Dataset content:
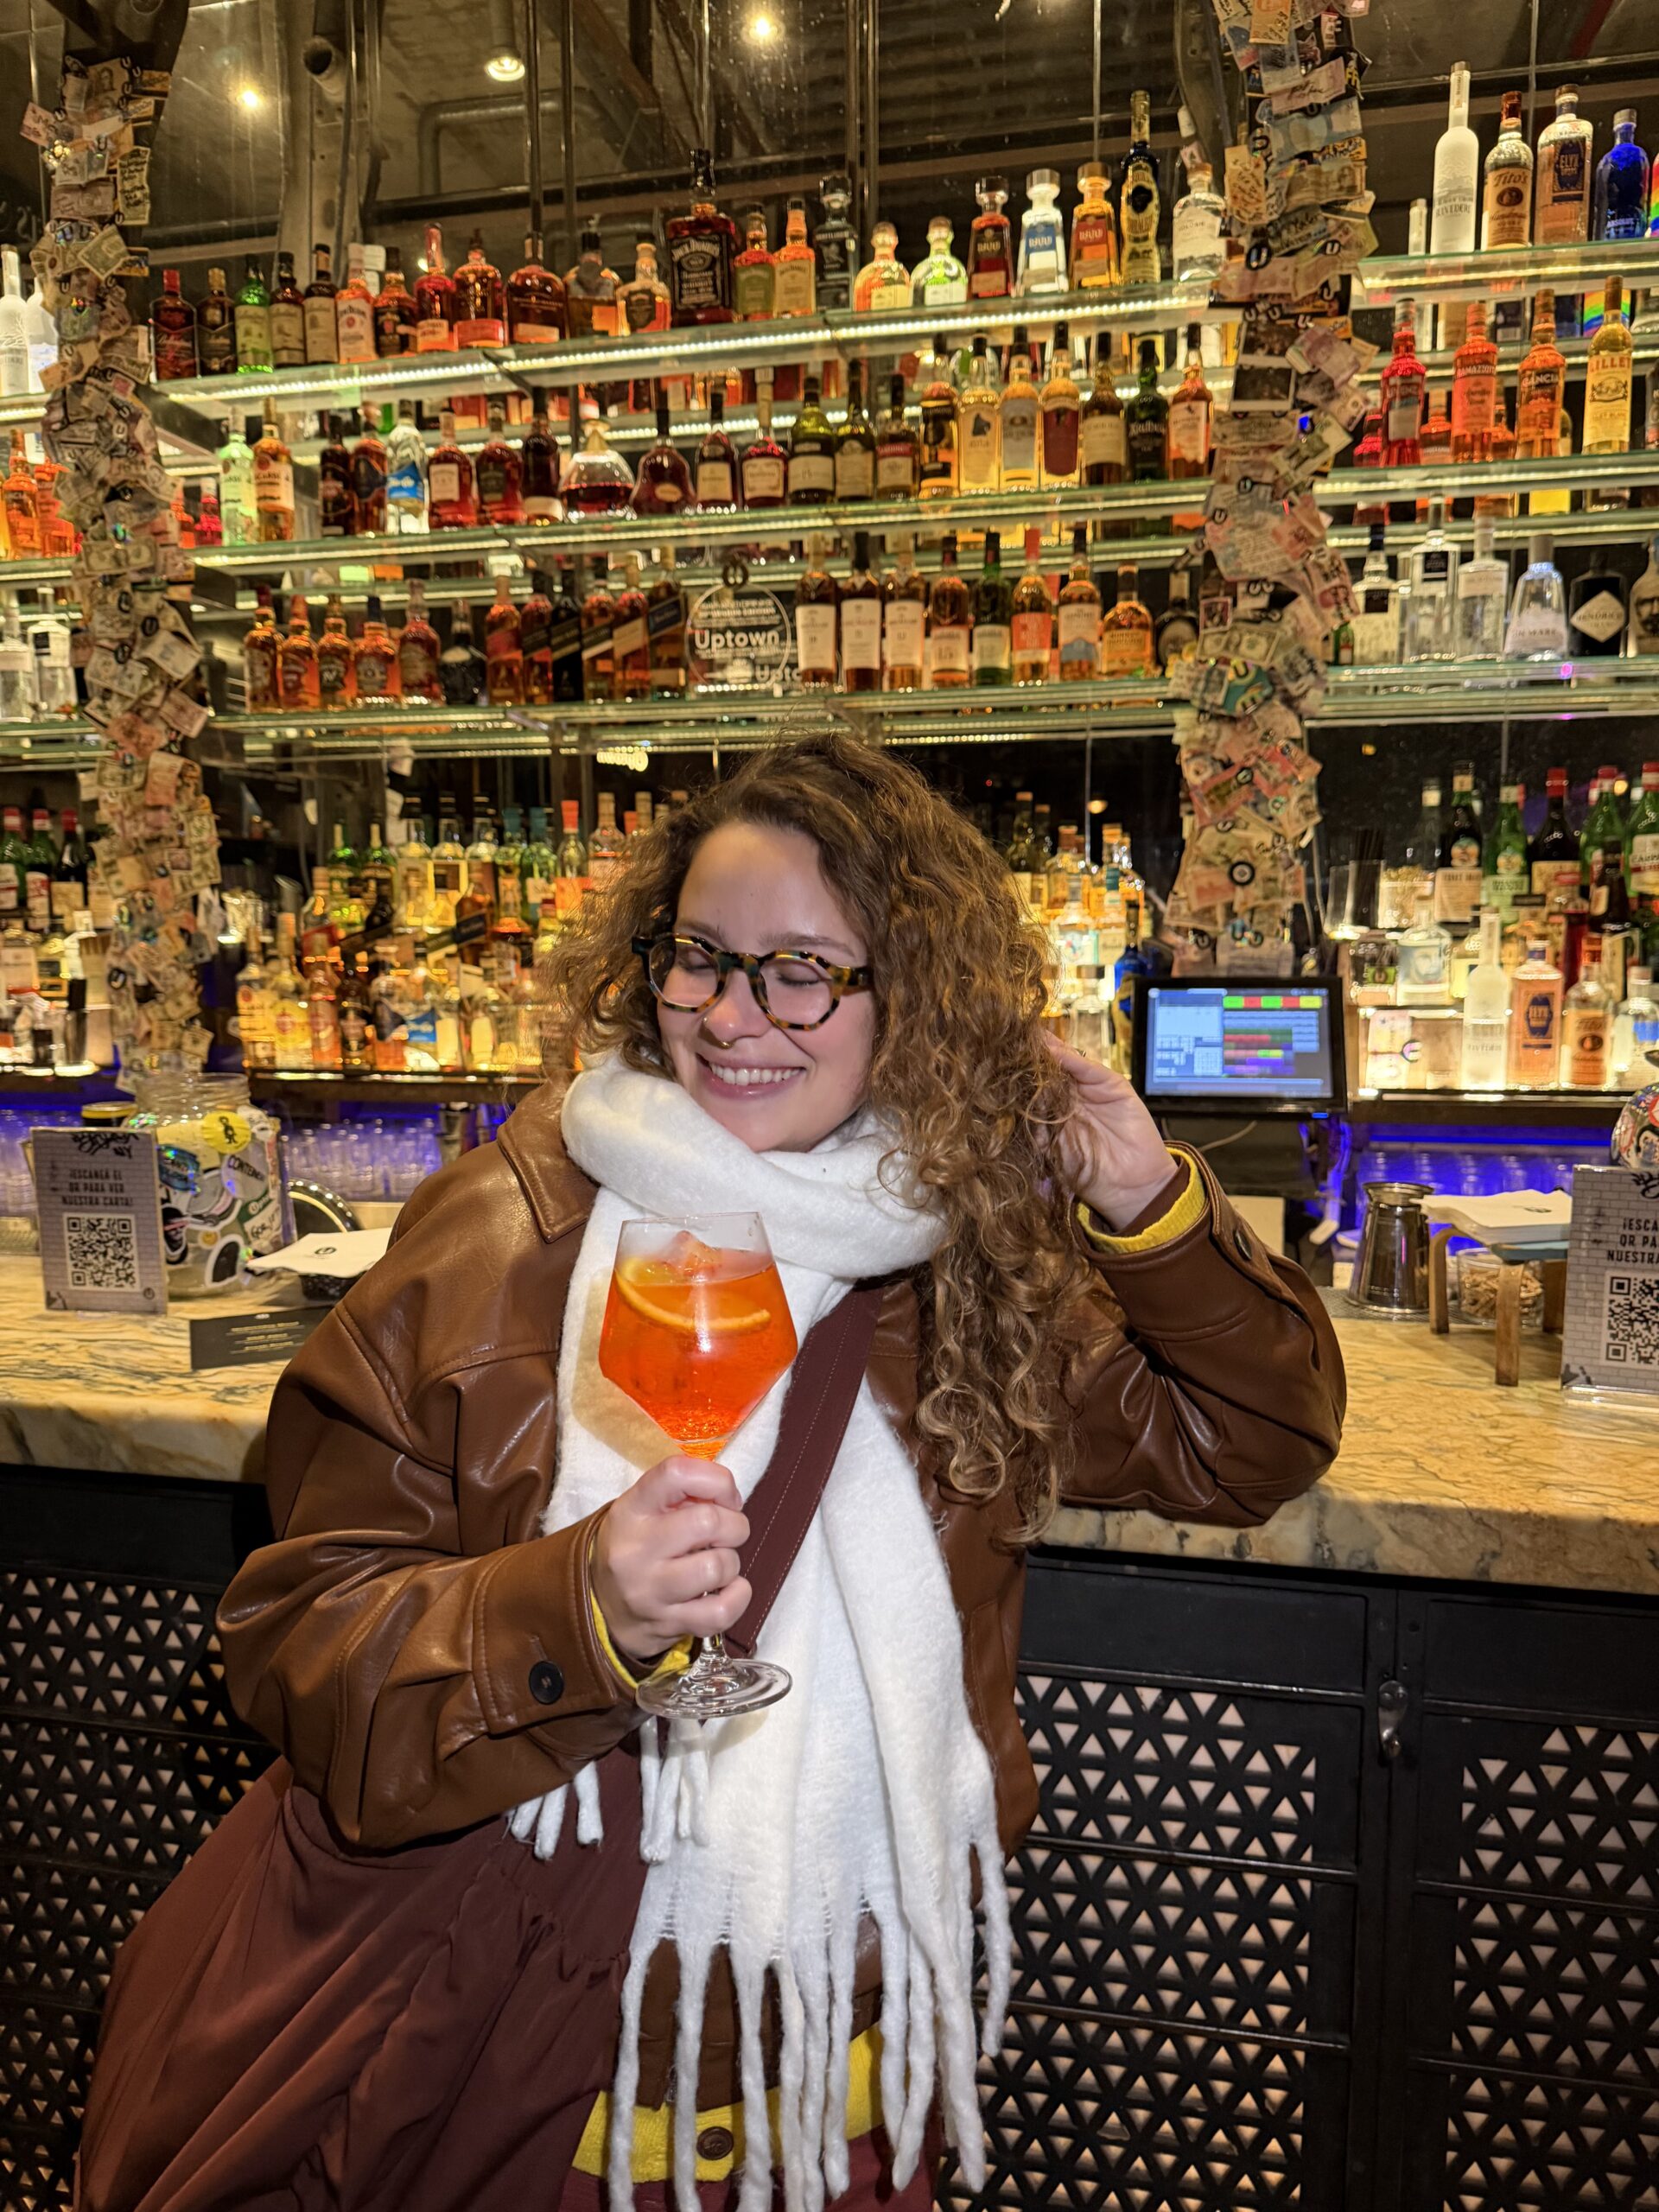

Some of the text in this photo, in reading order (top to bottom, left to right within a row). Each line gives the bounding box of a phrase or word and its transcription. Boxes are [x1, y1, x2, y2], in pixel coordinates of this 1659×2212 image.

[1560, 154, 1580, 168] ELYX
[1494, 171, 1528, 187] Tito's
[1326, 242, 1338, 254] U
[695, 628, 779, 654] Uptown
[113, 1169, 122, 1180] EL
[69, 1182, 124, 1193] QR PARA VER
[62, 1196, 133, 1206] NUESTRA CARTA!
[1620, 1234, 1636, 1247] QR
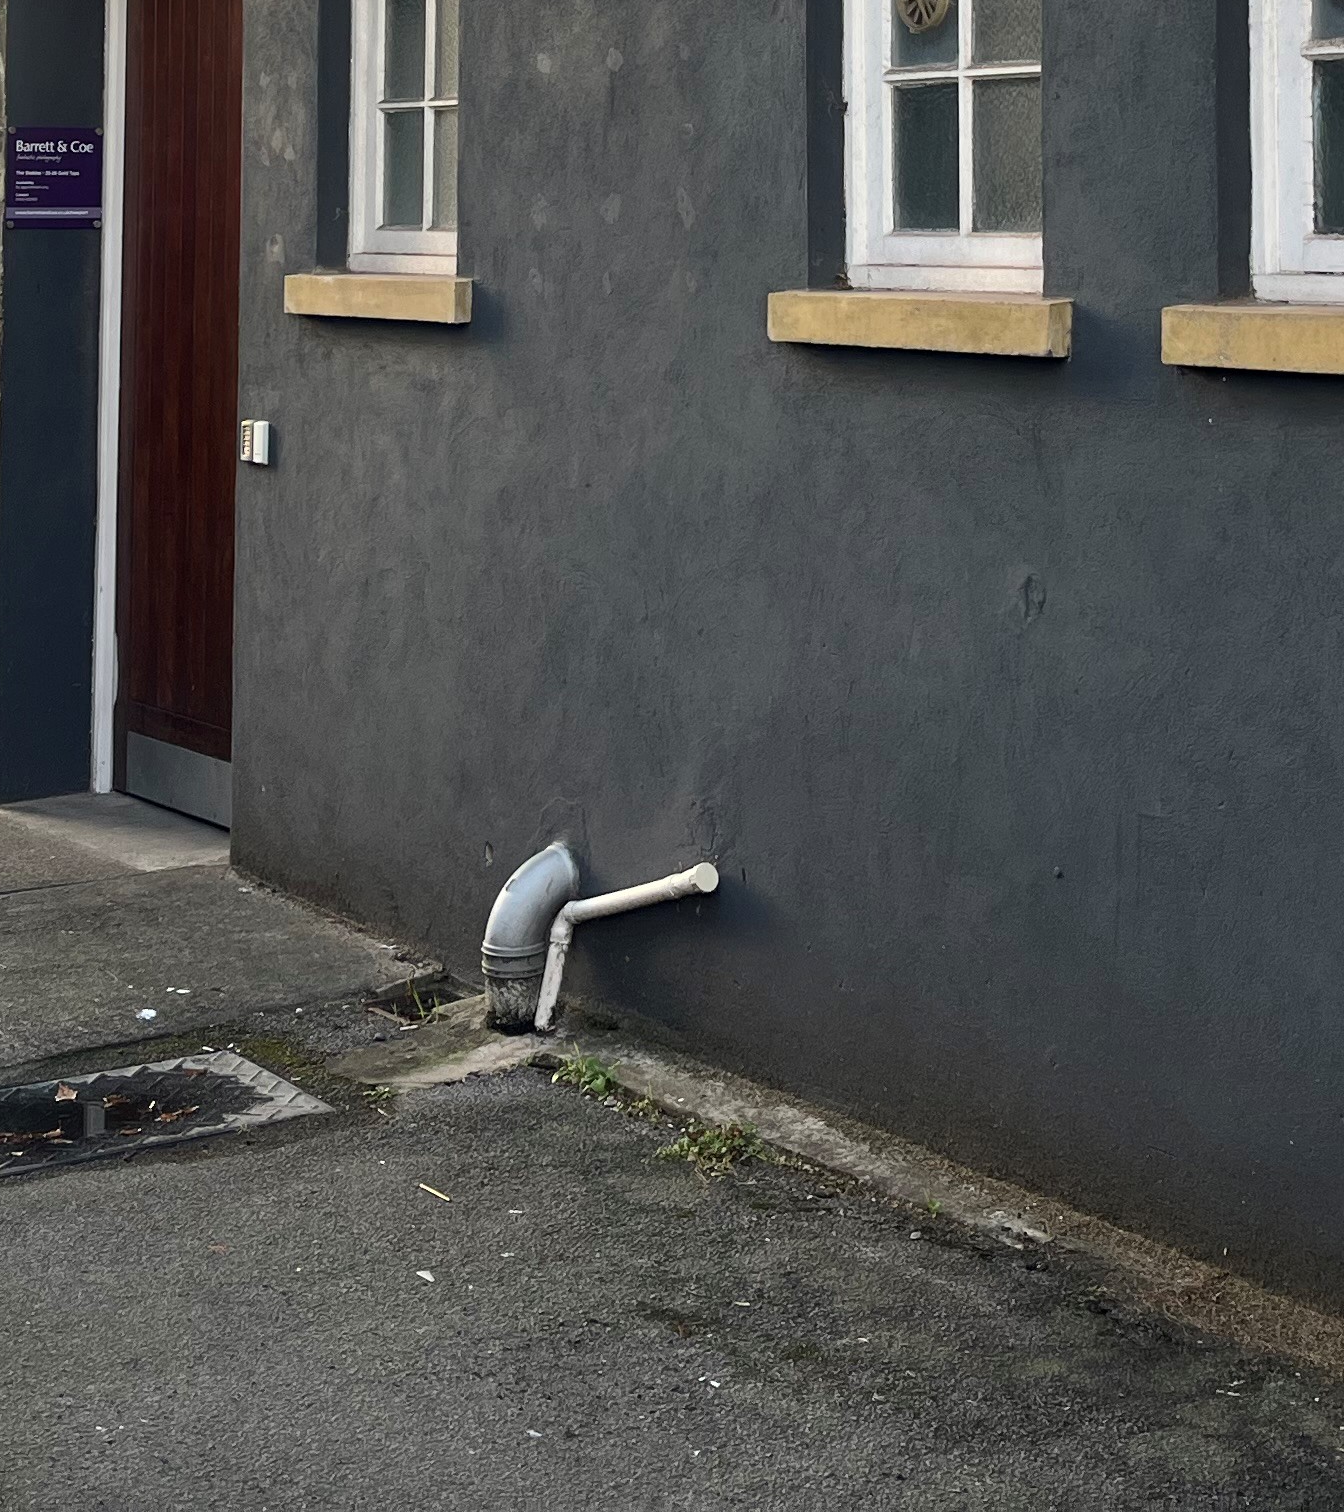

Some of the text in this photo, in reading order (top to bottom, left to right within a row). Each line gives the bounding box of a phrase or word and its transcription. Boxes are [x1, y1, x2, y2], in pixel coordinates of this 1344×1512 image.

[16, 139, 94, 153] Barrett & Coe
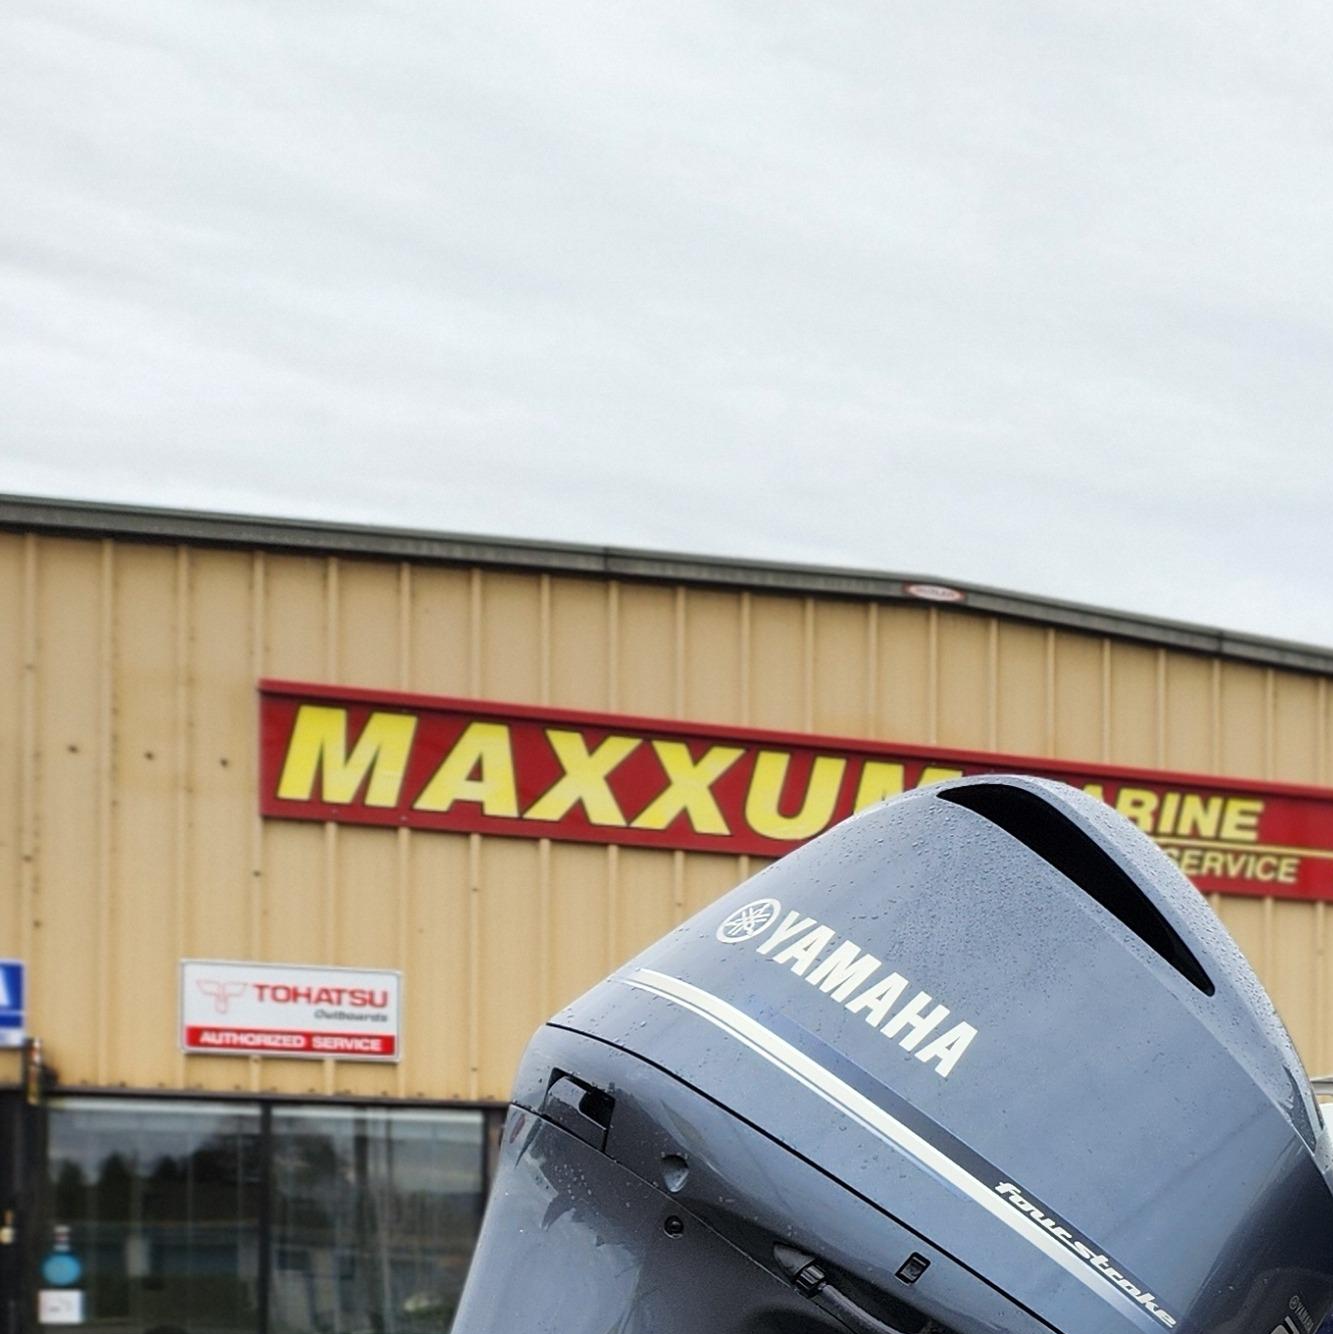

Assignment:
What you return must match the material above exactly, minus its pictures.

Result of this task:
Some of the text in this photo, in reading order (top to bottom, left to right within a row). Each line gives the bounding box of a phrase or word and its transcription. Boxes are [x1, y1, x2, y2], in pixel coordinates of this 1659×2212 image.

[1560, 154, 1580, 168] ELYX
[1494, 171, 1528, 187] Tito's
[1326, 242, 1338, 254] U
[695, 628, 779, 654] Uptown
[113, 1169, 122, 1180] EL
[69, 1182, 124, 1193] QR PARA VER
[62, 1196, 133, 1206] NUESTRA CARTA!
[1620, 1234, 1636, 1247] QR

Some of the text in this photo, in reading order (top to bottom, left to right within a row). Each line gives the bounding box of a phrase or word and its transcription. Boxes are [x1, y1, x2, y2], in pixel coordinates of this 1344×1512 image.

[16, 139, 94, 153] Barrett & Coe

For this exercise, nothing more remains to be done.